--- Exercise data Enclosed Below ---

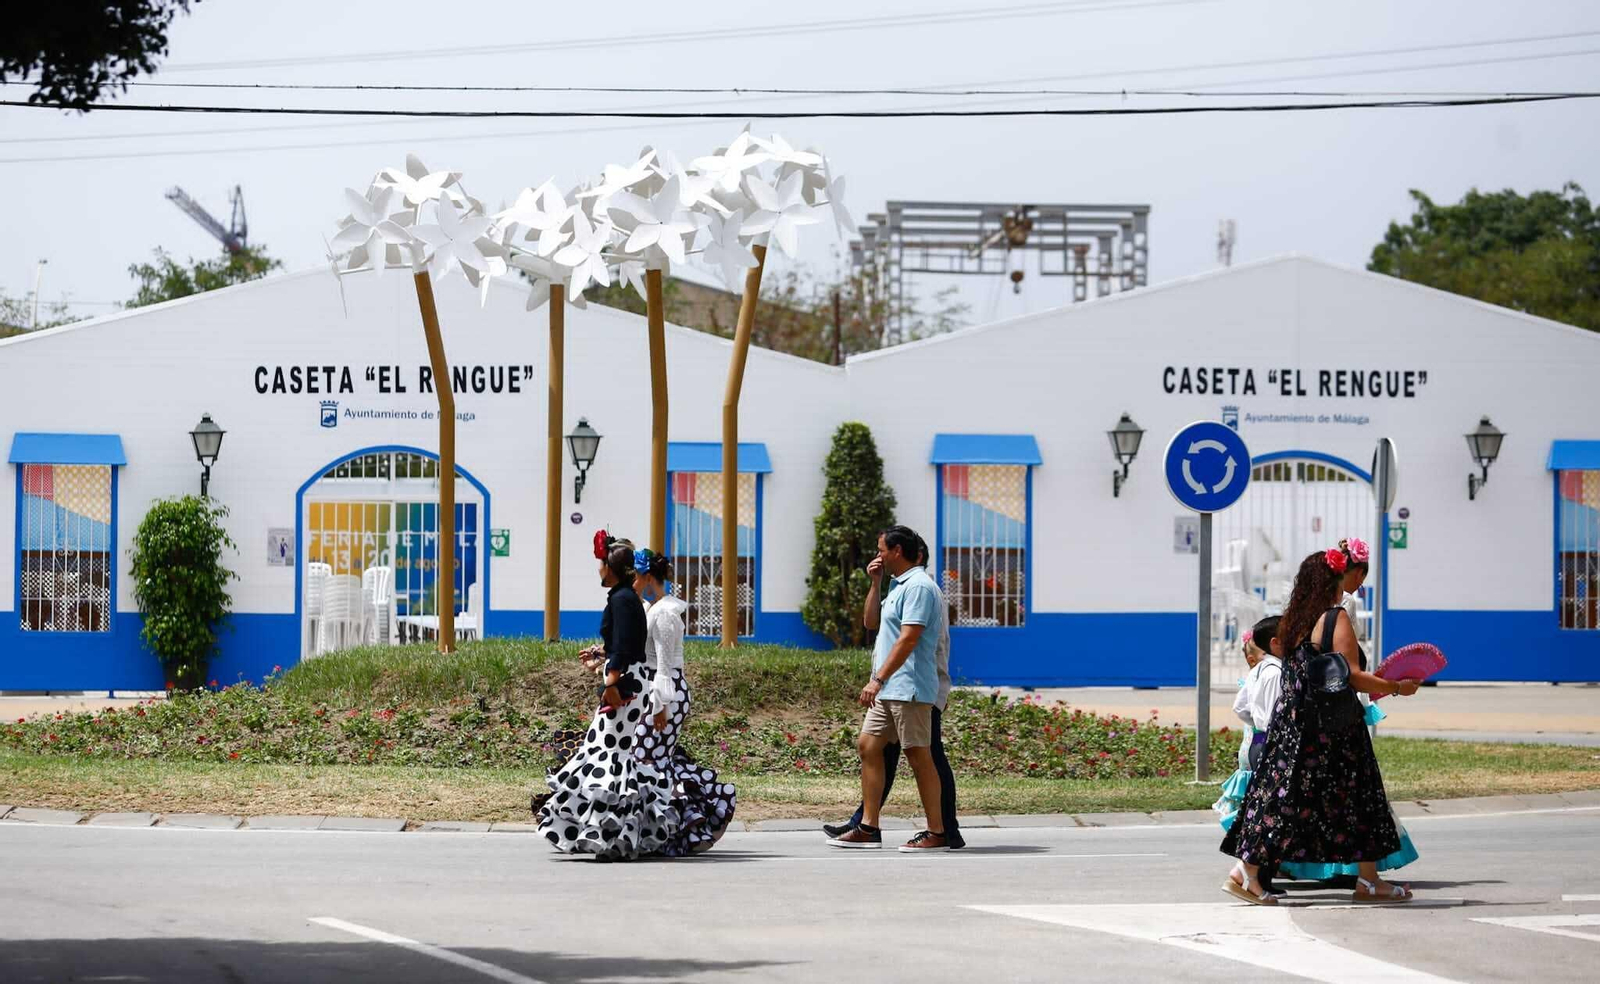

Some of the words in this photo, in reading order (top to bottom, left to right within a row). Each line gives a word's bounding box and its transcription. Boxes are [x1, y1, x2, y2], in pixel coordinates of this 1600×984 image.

[255, 366, 354, 394] CASETA
[419, 365, 534, 394] RNGUE”
[1163, 366, 1257, 396] CASETA
[343, 407, 418, 421] Ayuntamiento
[421, 410, 434, 420] de
[1244, 412, 1315, 424] Ayuntamiento
[1318, 414, 1330, 424] de
[1333, 413, 1370, 425] Málaga
[309, 530, 376, 547] FERIA
[368, 549, 392, 568] 20
[415, 558, 461, 572] agoo
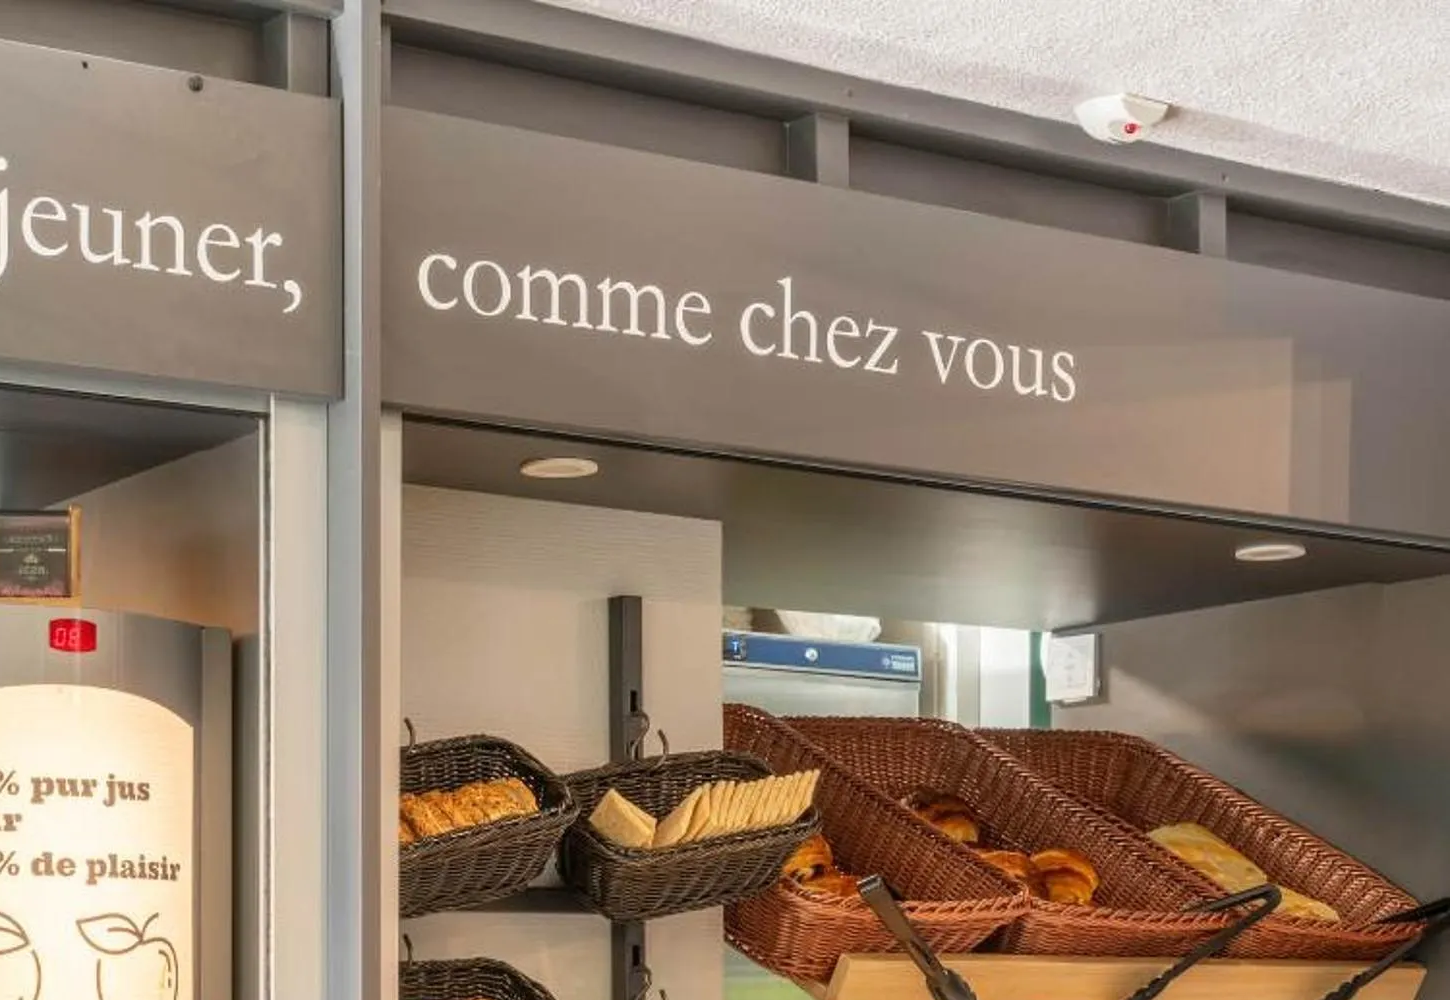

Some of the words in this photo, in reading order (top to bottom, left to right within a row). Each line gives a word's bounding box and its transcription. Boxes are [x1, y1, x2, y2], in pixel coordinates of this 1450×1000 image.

[417, 253, 713, 346] comme
[739, 276, 900, 375] chez
[921, 330, 1077, 402] vous
[30, 775, 98, 804] pur
[102, 773, 150, 807] jus
[30, 851, 77, 877] de
[86, 853, 181, 886] plaisir
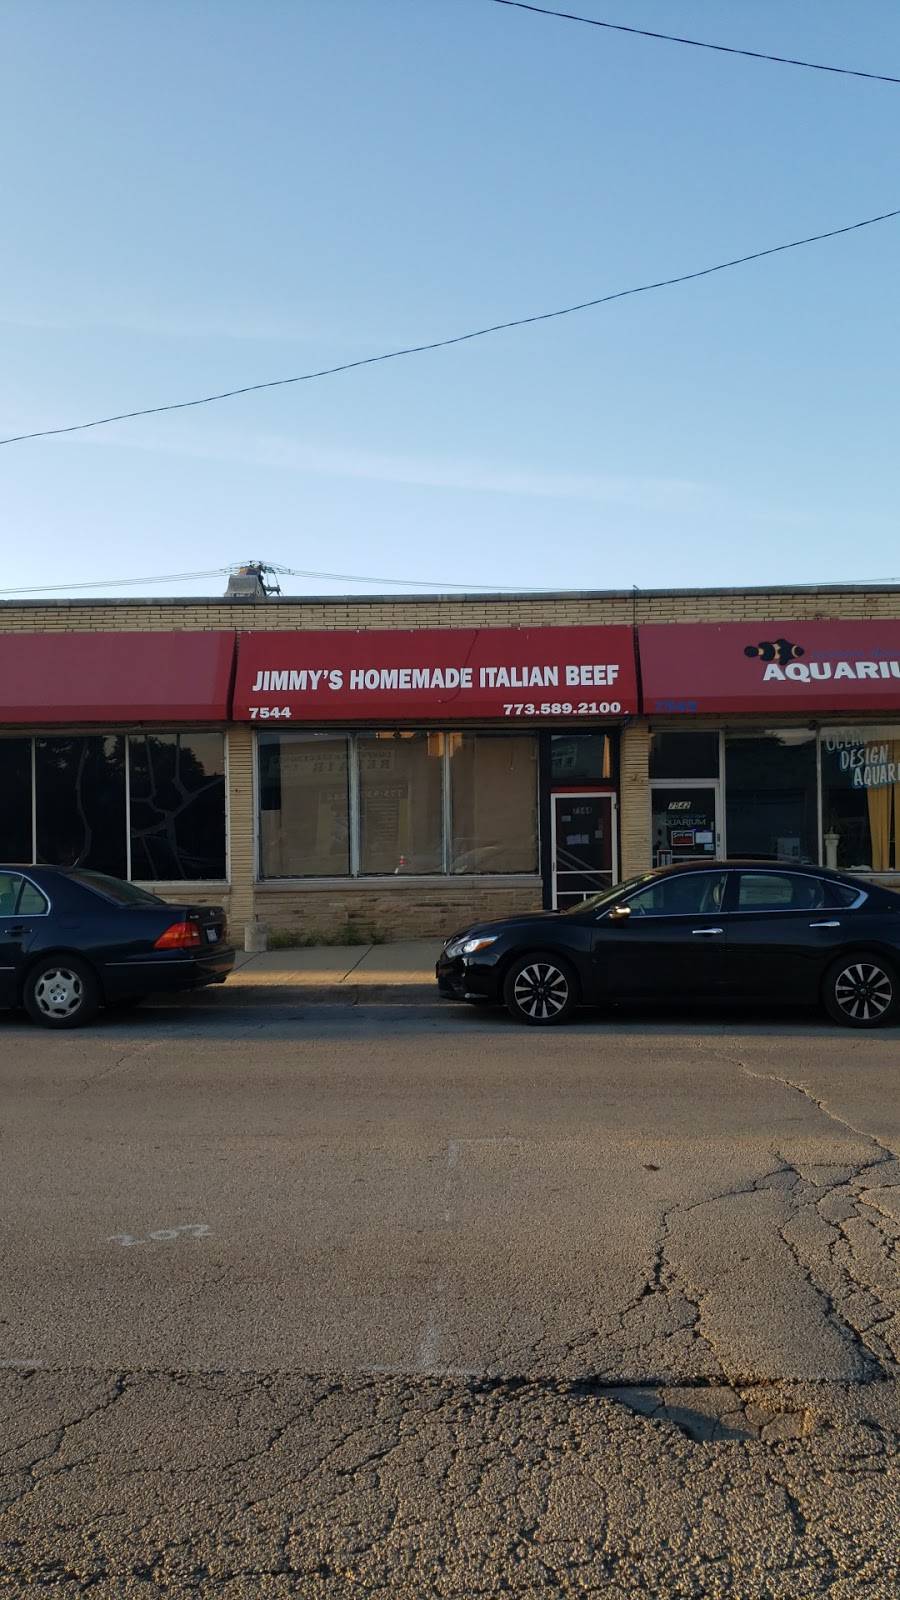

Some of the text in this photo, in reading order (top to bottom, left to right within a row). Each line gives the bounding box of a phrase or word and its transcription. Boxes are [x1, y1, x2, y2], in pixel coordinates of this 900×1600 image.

--- End of Enclosed Exercise data ---

Hand over the entries again, exactly as written and without the pictures.

■ **Answer section**
Some of the words in this photo, in reading order (top to bottom, left to right within a row). Each line gives a word's bounding box and its transcription. Boxes are [x1, y1, x2, y2], in pixel coordinates of this 1600×984 image.

[255, 366, 354, 394] CASETA
[419, 365, 534, 394] RNGUE”
[1163, 366, 1257, 396] CASETA
[343, 407, 418, 421] Ayuntamiento
[421, 410, 434, 420] de
[1244, 412, 1315, 424] Ayuntamiento
[1318, 414, 1330, 424] de
[1333, 413, 1370, 425] Málaga
[309, 530, 376, 547] FERIA
[368, 549, 392, 568] 20
[415, 558, 461, 572] agoo

Some of the words in this photo, in reading order (top to bottom, left to right within a row). Each line gives a word's bounding box and its transcription. Boxes are [x1, y1, x2, y2], in pixel coordinates of this 1450×1000 image.

[417, 253, 713, 346] comme
[739, 276, 900, 375] chez
[921, 330, 1077, 402] vous
[30, 775, 98, 804] pur
[102, 773, 150, 807] jus
[30, 851, 77, 877] de
[86, 853, 181, 886] plaisir

Some of the text in this photo, in reading order (top to bottom, left to right within a row). Each line gives the bounding box of a phrase or word and its transcription. Boxes are [x1, y1, x2, y2], in pixel coordinates of this 900×1600 image.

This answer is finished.